To address the first issue: remember that quantum teleportation does not teleport the electron, it teleports the quantum state of the electron. So you can't teleport an electron into a black hole. You can, in principle, teleport the quantum state of a distant electron to an electron near a black hole event horizon, though I'm not sure that quantum teleportation is thoroughly understood in curved spacetimes.

As for the electron entering the black hole: you use the example of exciting an electron in a hydrogen atom. The problem is that the electron in a hydrogen atom is a fuzzy object without a precise position. In the $1s$ ground stat it's a fuzzy blob centred on the nucleus and extending out in principle to infinity, though the probability of finding the electron falls rapidly with distance from the nucleus and it effectively zero within a few nanometres. When you excite the electron, e.g. into the $2p$ orbital, you expand the fuzzy blob a bit.

If you have a hydrogen atom within a nanometre or so of the event horizon then I guess the electron cloud would overlap the event horizon and there would be a finite probability that the electron is within it. Exciting the electron from the $1s$ to $2p$ orbital would increase this probability a bit. However I don't think quantum mechanics in the curved spacetime at an event horizon is well enough understood for us to say with any certainty exactly what would happen.
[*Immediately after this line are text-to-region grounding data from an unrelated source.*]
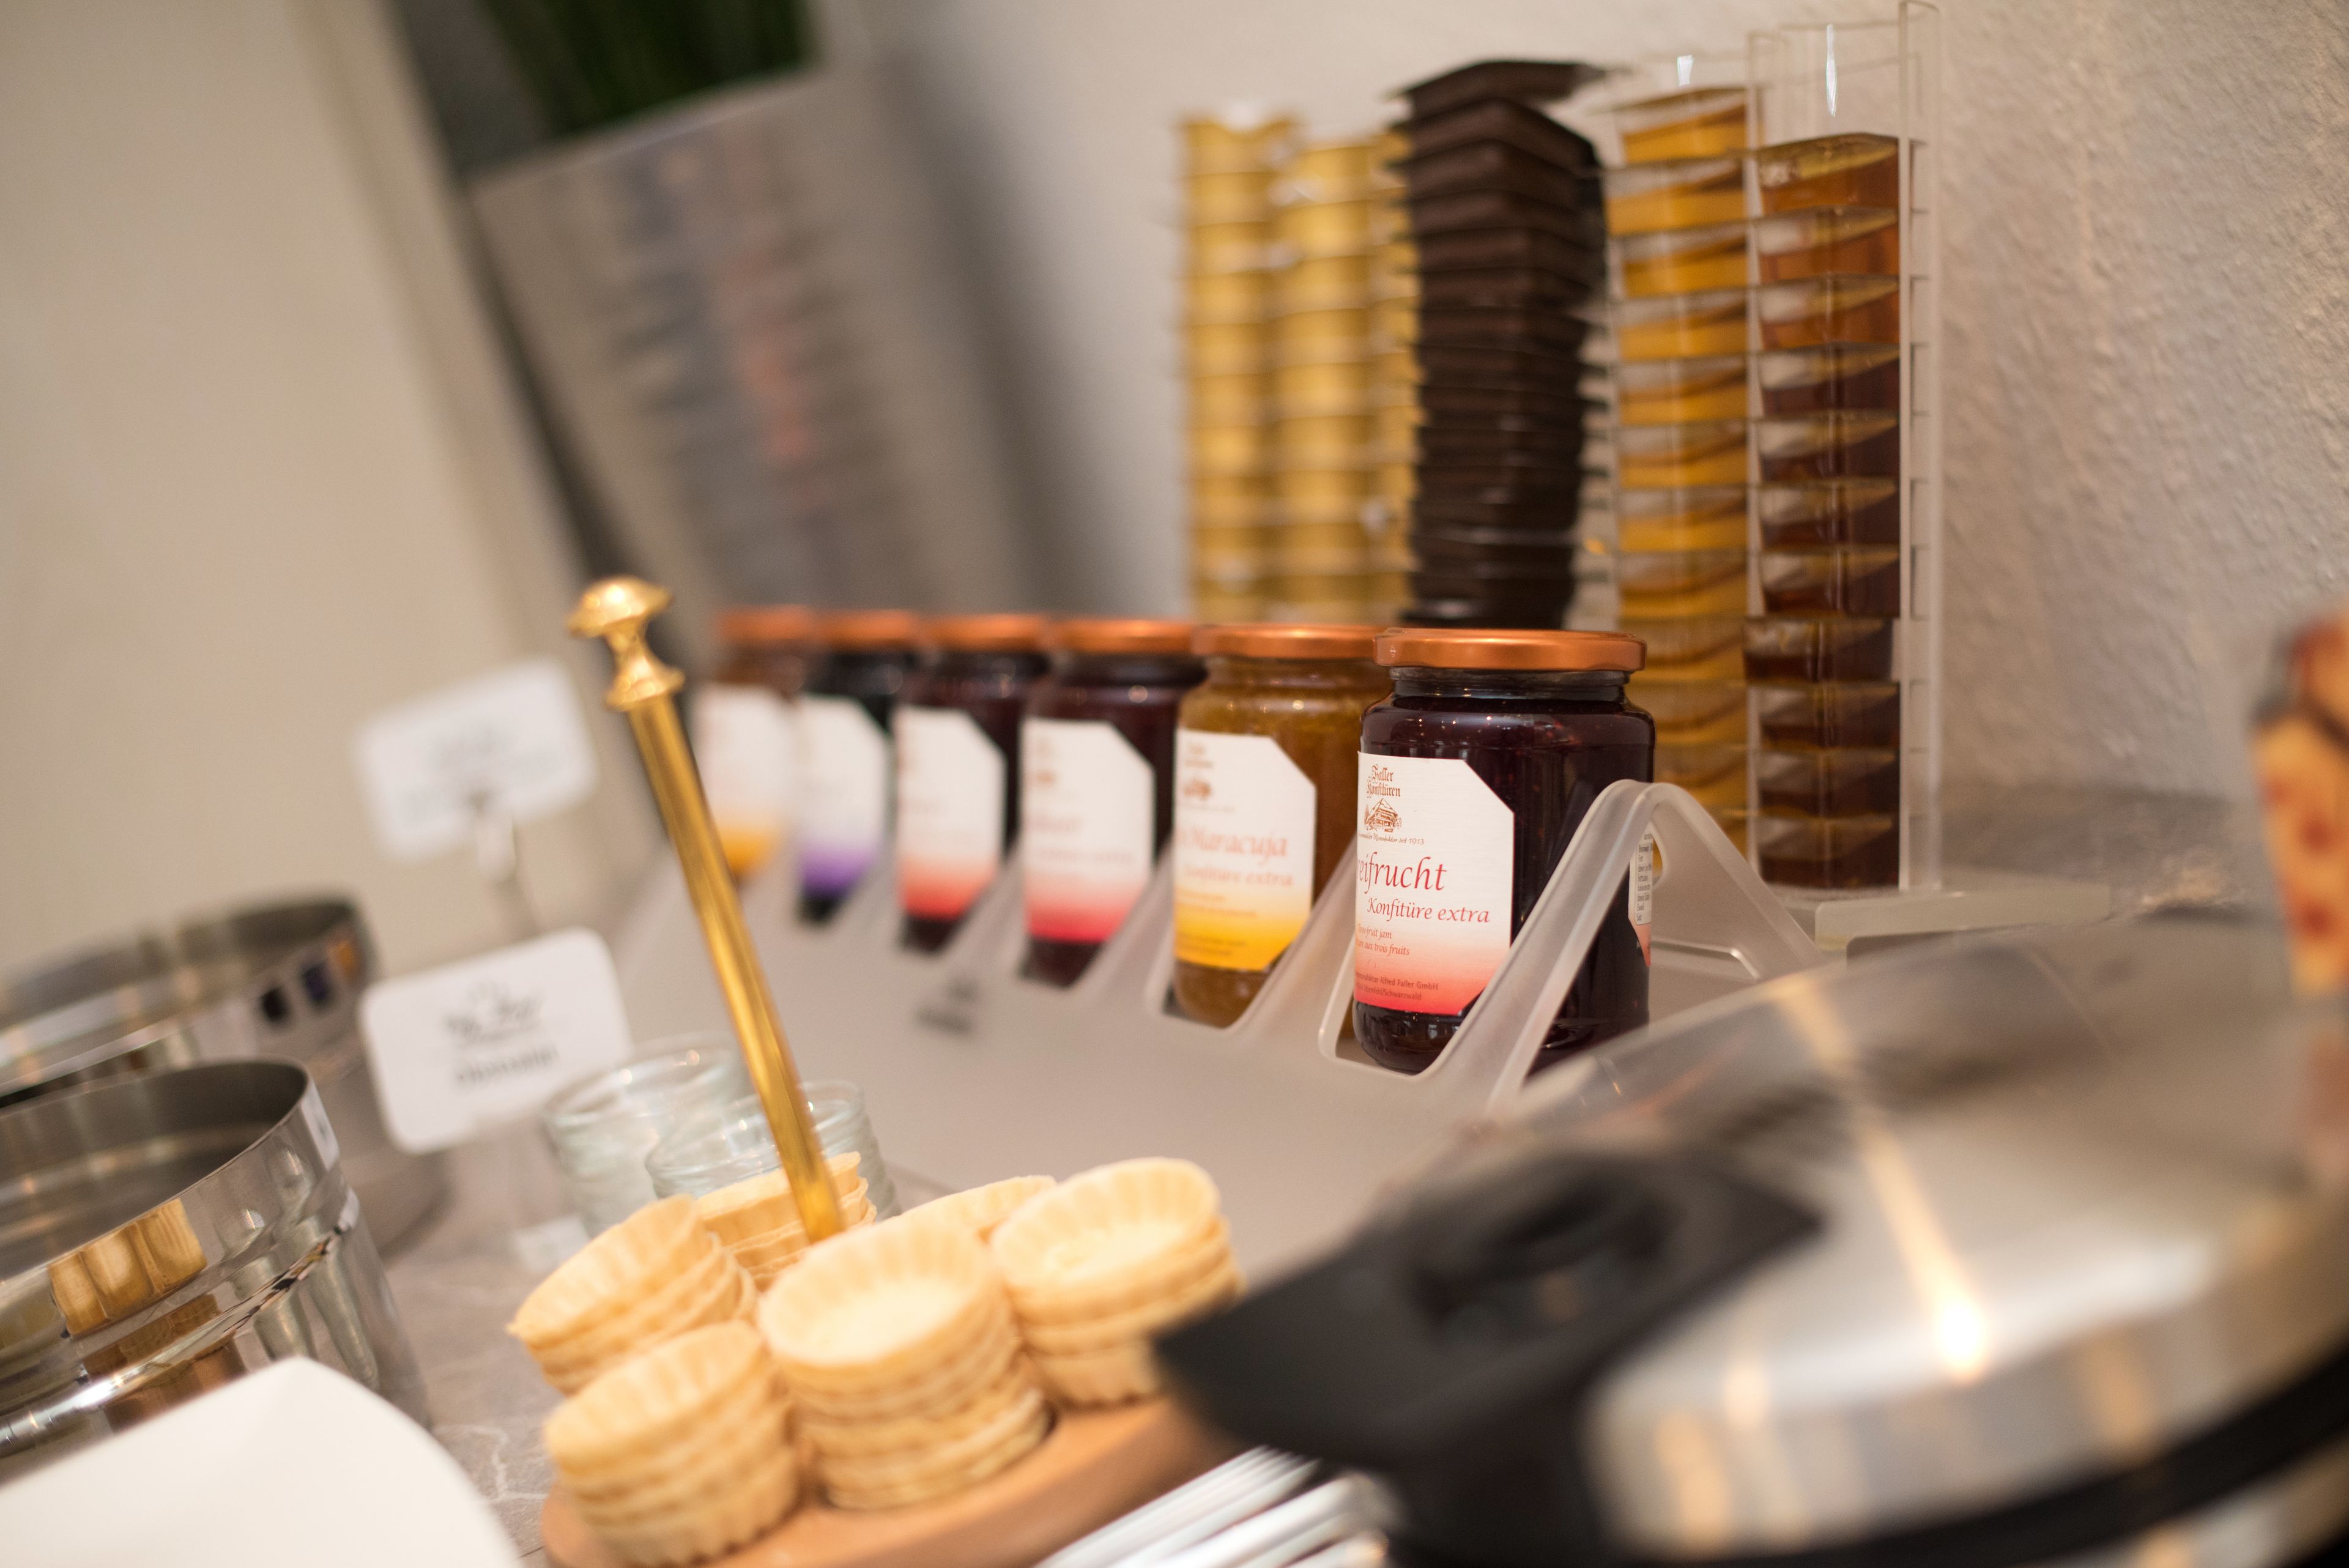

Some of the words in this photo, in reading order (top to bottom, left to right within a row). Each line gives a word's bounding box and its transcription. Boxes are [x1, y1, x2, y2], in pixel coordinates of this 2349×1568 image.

[1371, 764, 1394, 784] Faller
[1367, 776, 1401, 798] Konfitüren
[1367, 897, 1432, 921] Konfitüre
[1438, 907, 1491, 923] extra
[1378, 929, 1392, 940] jam
[1375, 943, 1387, 953] trois
[1387, 943, 1410, 956] fruits
[1380, 977, 1395, 986] Alfred
[1397, 979, 1414, 988] Faller
[1417, 981, 1438, 990] GmbH
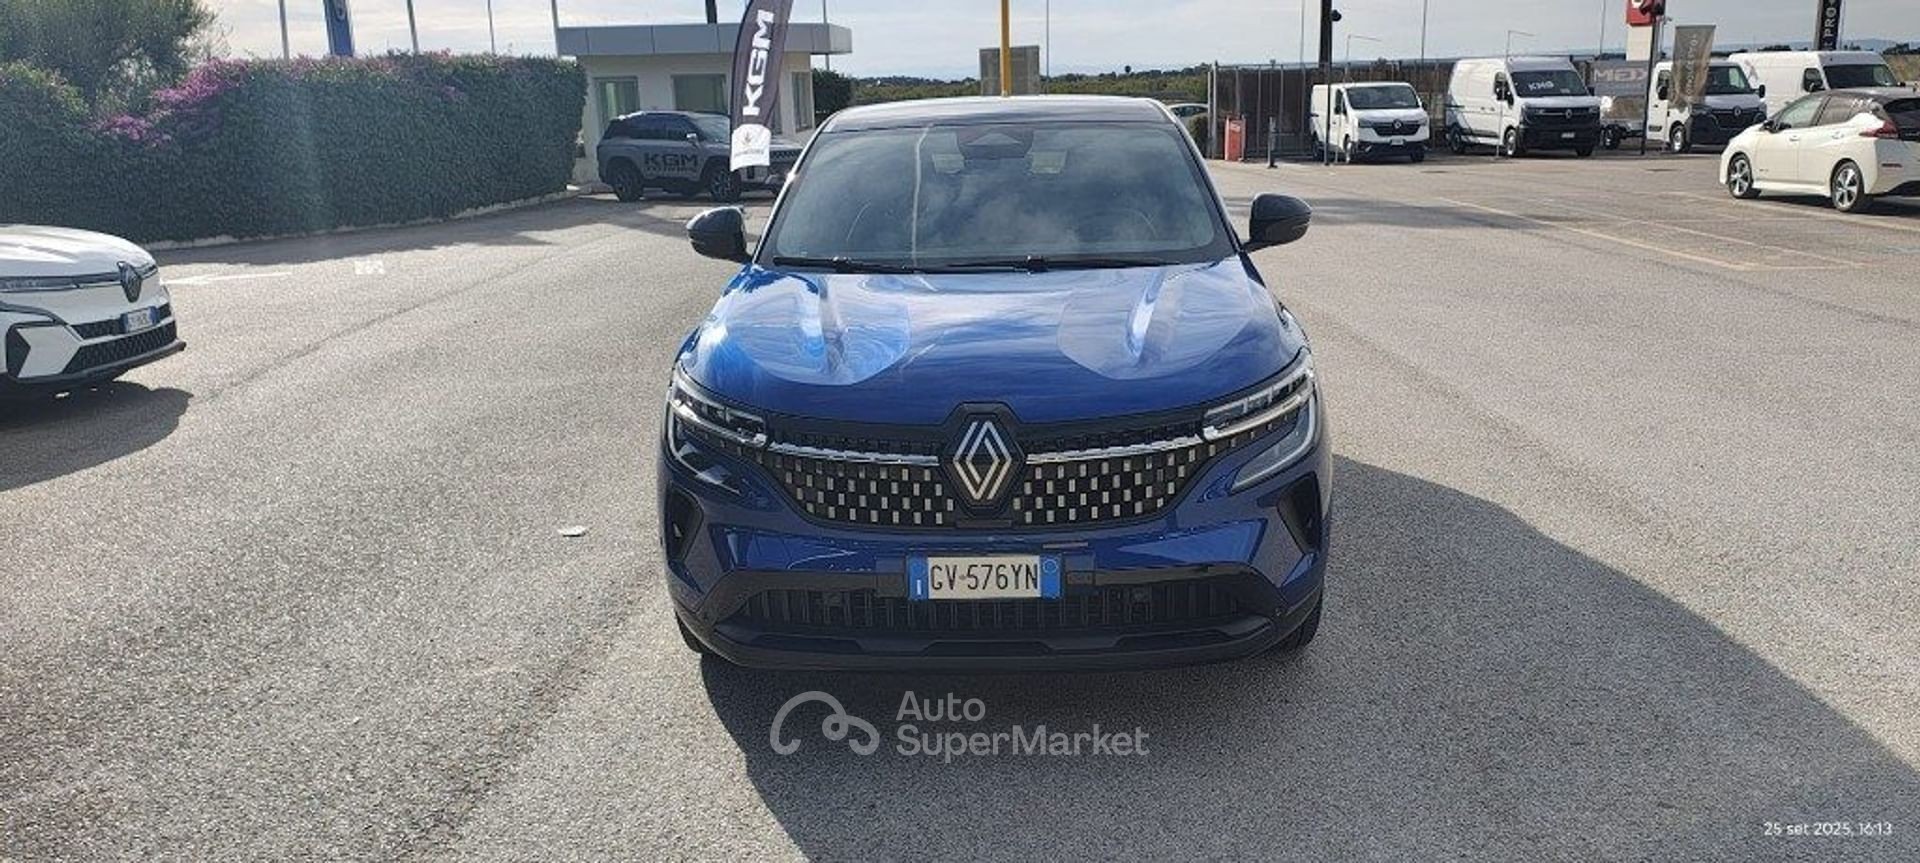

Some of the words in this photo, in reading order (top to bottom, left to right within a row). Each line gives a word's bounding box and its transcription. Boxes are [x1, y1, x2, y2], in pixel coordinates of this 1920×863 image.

[742, 9, 775, 116] KGM
[643, 153, 698, 167] KGM
[966, 564, 1039, 591] 576YN
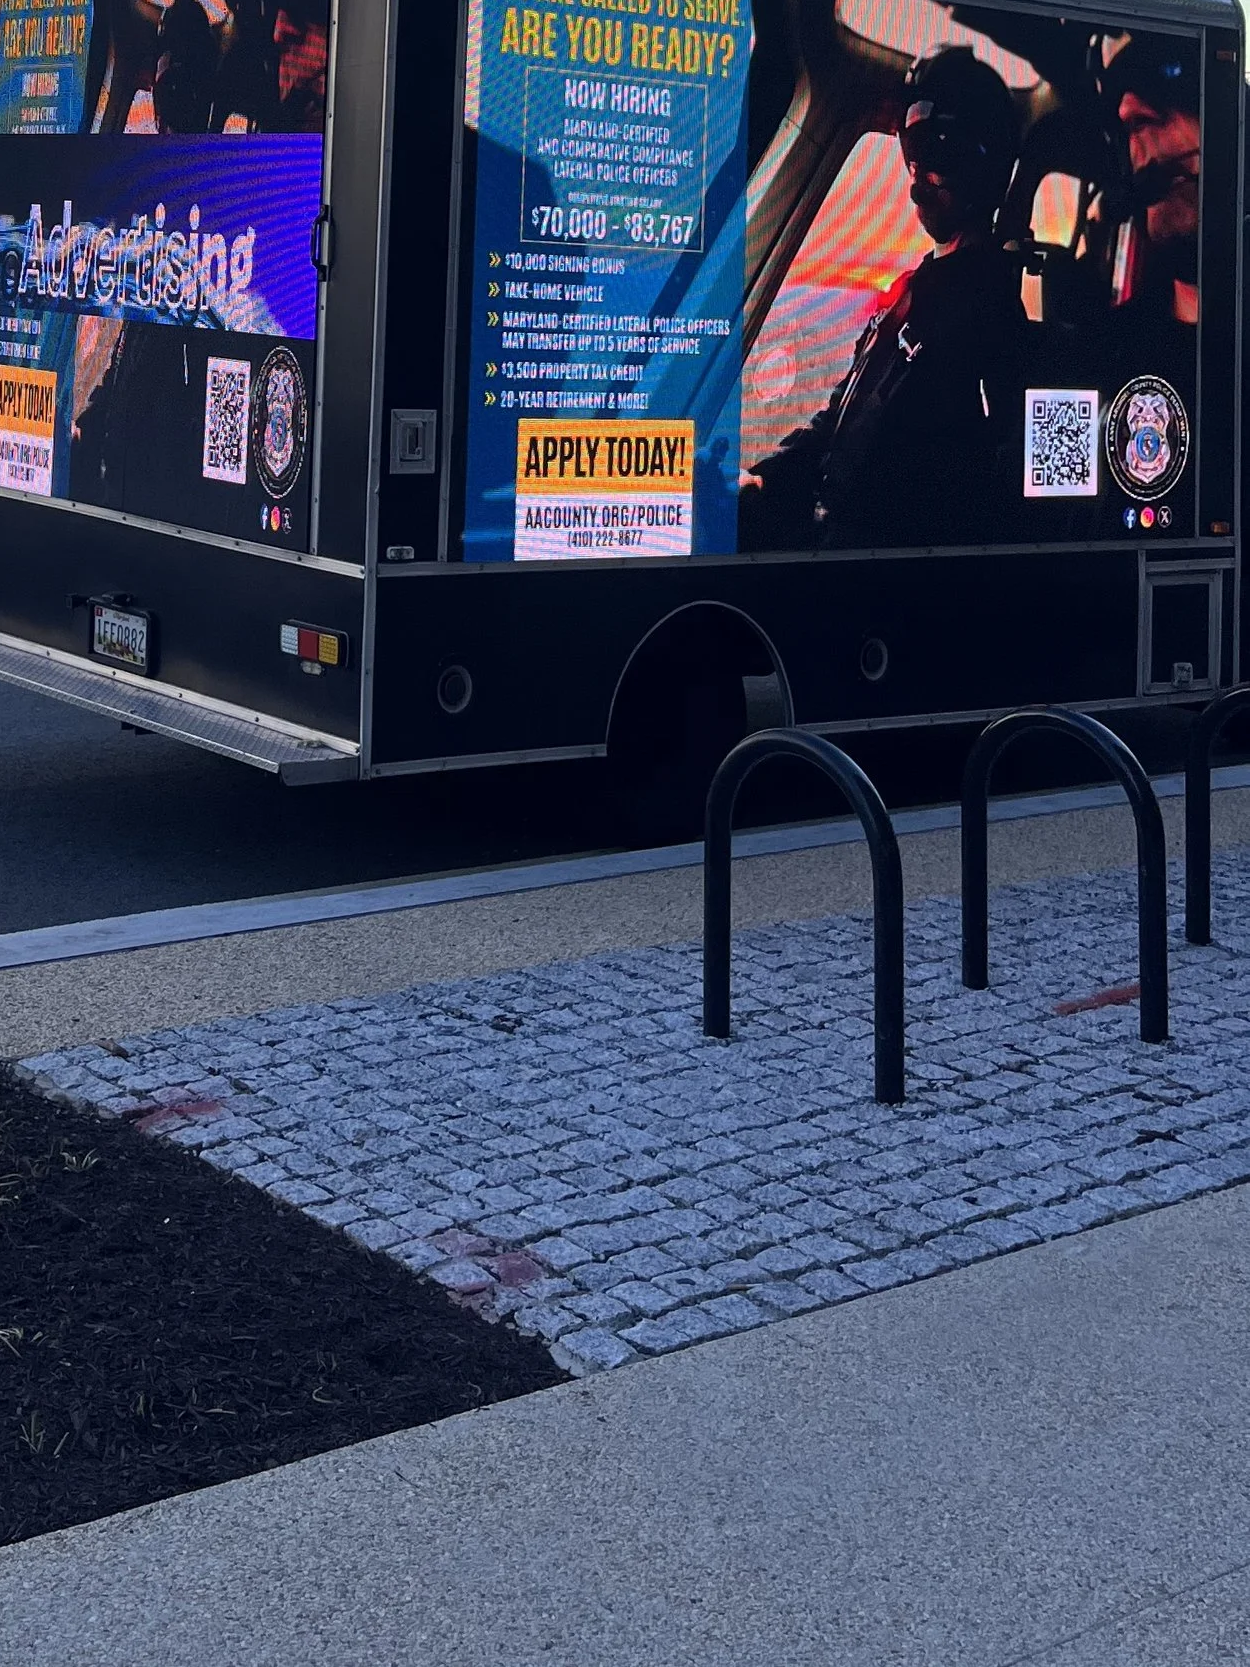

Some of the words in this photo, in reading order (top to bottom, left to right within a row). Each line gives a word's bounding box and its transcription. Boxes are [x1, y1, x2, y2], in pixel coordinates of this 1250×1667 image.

Both Gigi and Jamal mention in their comments that for any observer outside the event horizon it takes an infinite time for anything to reach the horizon. This has been discussed on this site before, see: for example Can matter really fall through an event horizon?. However this is the result of a classical treatment, and it's not clear to me how this conclusion would be modified by quantum effects very close to the event horizon.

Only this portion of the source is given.